**AIM OF THE TASK**
Pictures in the data below are not part of the copy; transcribe everything else exactly.

**EXTRACTED DATA**
------------------------------------------------------------

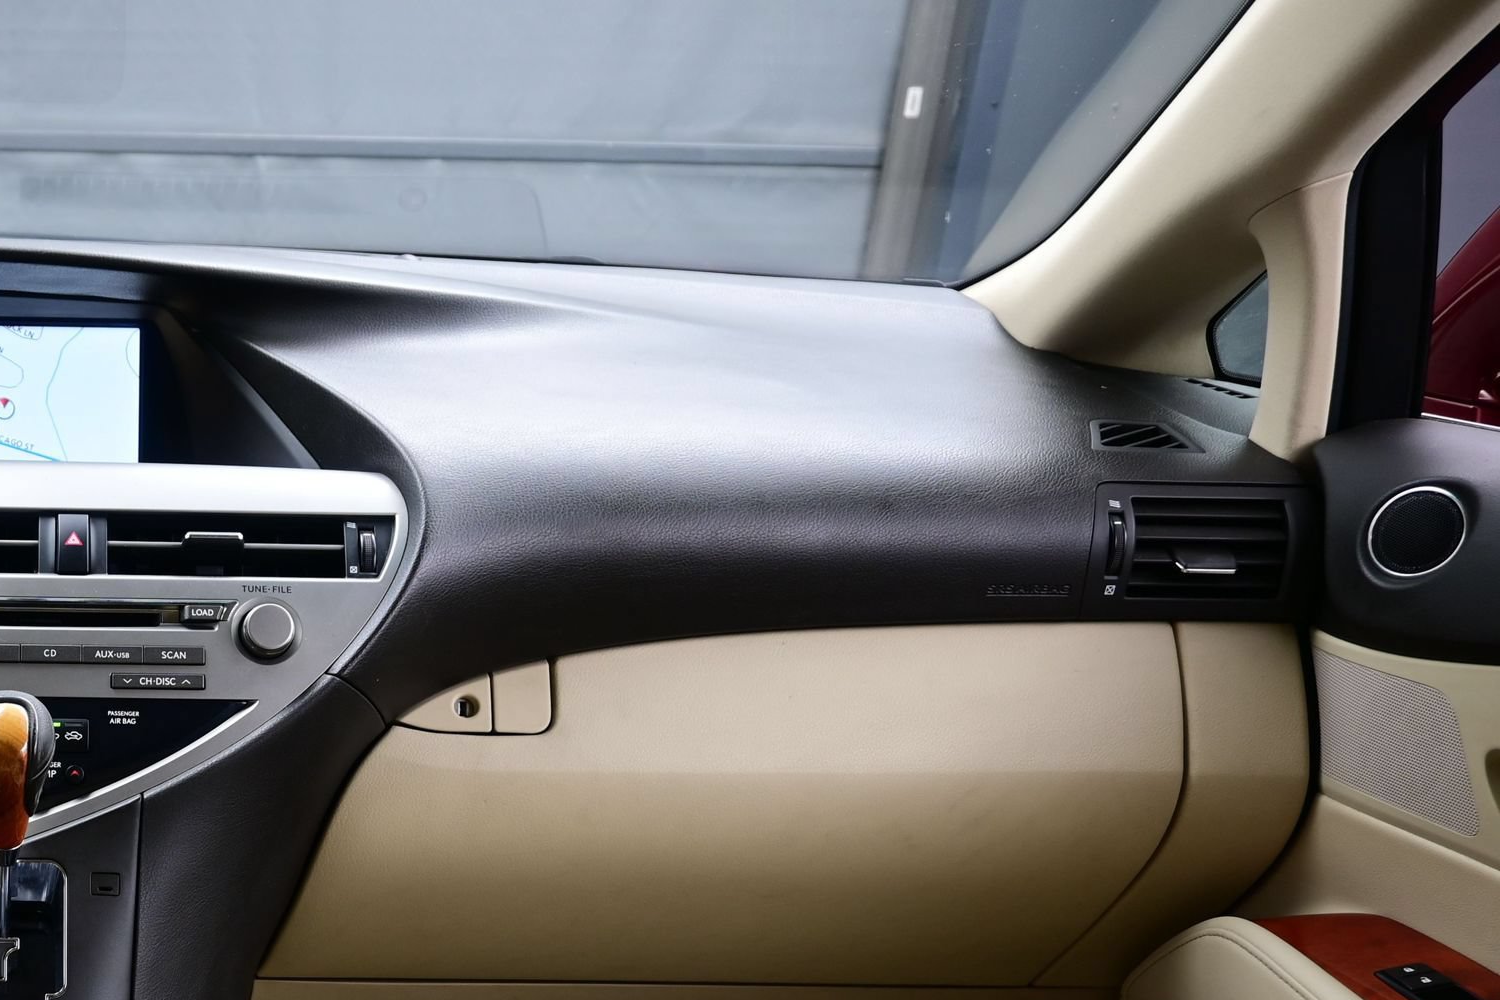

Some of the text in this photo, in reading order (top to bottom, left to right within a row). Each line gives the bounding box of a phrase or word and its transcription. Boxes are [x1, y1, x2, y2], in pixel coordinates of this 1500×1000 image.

[25, 443, 35, 451] ST
[191, 608, 214, 617] LOAD
[42, 649, 57, 659] CD
[160, 651, 187, 660] SCAN
[107, 710, 140, 718] PASSENGER
[121, 718, 137, 726] BAG

------------------------------------------------------------

**ANSWER TO THIS PROBLEM**
Some of the text in this photo, in reading order (top to bottom, left to right within a row). Each line gives the bounding box of a phrase or word and its transcription. Boxes are [x1, y1, x2, y2], in pixel coordinates of this 1500×1000 image.

[25, 443, 35, 451] ST
[191, 608, 214, 617] LOAD
[42, 649, 57, 659] CD
[160, 651, 187, 660] SCAN
[107, 710, 140, 718] PASSENGER
[121, 718, 137, 726] BAG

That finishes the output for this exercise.